What the task asks:
Each entry must be reproduced precisely as it stands.
----- The data -----
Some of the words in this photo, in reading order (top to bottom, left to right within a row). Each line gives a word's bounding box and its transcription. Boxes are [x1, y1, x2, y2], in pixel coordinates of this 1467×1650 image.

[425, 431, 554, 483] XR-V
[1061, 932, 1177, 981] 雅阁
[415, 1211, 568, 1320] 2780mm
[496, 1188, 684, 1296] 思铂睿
-----
Written response:
Some of the words in this photo, in reading order (top to bottom, left to right within a row). Each line gives a word's bounding box and its transcription. Boxes are [x1, y1, x2, y2], in pixel coordinates of this 1467×1650 image.

[425, 431, 554, 483] XR-V
[1061, 932, 1177, 981] 雅阁
[415, 1211, 568, 1320] 2780mm
[496, 1188, 684, 1296] 思铂睿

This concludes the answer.